TASK ITEM:
The expected output is every line from the one containing "this 1200×1600 image." to the end of the data below, exactly, and no other line.

Referring expression grounding data:

____________

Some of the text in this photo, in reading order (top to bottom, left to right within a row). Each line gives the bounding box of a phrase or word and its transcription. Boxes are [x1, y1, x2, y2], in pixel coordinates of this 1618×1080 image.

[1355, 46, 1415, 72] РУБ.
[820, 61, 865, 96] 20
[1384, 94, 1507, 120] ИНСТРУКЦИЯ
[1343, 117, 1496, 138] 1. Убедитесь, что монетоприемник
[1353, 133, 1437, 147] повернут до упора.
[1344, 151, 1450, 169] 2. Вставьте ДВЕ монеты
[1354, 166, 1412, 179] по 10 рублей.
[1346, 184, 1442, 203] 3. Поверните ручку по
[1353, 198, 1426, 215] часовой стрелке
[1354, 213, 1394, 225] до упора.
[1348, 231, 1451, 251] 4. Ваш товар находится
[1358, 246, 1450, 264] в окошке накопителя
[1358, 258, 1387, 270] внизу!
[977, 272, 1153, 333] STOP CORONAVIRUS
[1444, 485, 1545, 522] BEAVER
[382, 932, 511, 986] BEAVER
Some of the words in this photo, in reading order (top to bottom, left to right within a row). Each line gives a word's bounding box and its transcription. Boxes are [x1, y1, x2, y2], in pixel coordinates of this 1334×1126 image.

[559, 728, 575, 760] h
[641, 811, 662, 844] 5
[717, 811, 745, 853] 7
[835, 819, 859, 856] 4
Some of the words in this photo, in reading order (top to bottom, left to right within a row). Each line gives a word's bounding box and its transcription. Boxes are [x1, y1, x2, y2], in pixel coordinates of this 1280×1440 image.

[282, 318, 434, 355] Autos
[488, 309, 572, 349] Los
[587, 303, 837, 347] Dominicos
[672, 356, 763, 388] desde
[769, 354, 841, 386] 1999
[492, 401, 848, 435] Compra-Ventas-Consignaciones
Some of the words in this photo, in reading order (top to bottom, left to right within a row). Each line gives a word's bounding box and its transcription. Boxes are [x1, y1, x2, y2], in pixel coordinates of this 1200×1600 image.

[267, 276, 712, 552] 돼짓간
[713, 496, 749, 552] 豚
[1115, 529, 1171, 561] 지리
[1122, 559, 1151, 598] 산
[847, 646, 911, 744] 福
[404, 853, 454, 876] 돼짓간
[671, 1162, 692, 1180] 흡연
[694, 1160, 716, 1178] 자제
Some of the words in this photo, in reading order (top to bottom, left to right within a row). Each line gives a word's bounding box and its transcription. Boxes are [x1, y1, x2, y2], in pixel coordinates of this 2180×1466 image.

____________

EXERCISE ANSWER:
Some of the words in this photo, in reading order (top to bottom, left to right within a row). Each line gives a word's bounding box and its transcription. Boxes are [x1, y1, x2, y2], in pixel coordinates of this 1200×1600 image.

[267, 276, 712, 552] 돼짓간
[713, 496, 749, 552] 豚
[1115, 529, 1171, 561] 지리
[1122, 559, 1151, 598] 산
[847, 646, 911, 744] 福
[404, 853, 454, 876] 돼짓간
[671, 1162, 692, 1180] 흡연
[694, 1160, 716, 1178] 자제
Some of the words in this photo, in reading order (top to bottom, left to right within a row). Each line gives a word's bounding box and its transcription. Boxes are [x1, y1, x2, y2], in pixel coordinates of this 2180×1466 image.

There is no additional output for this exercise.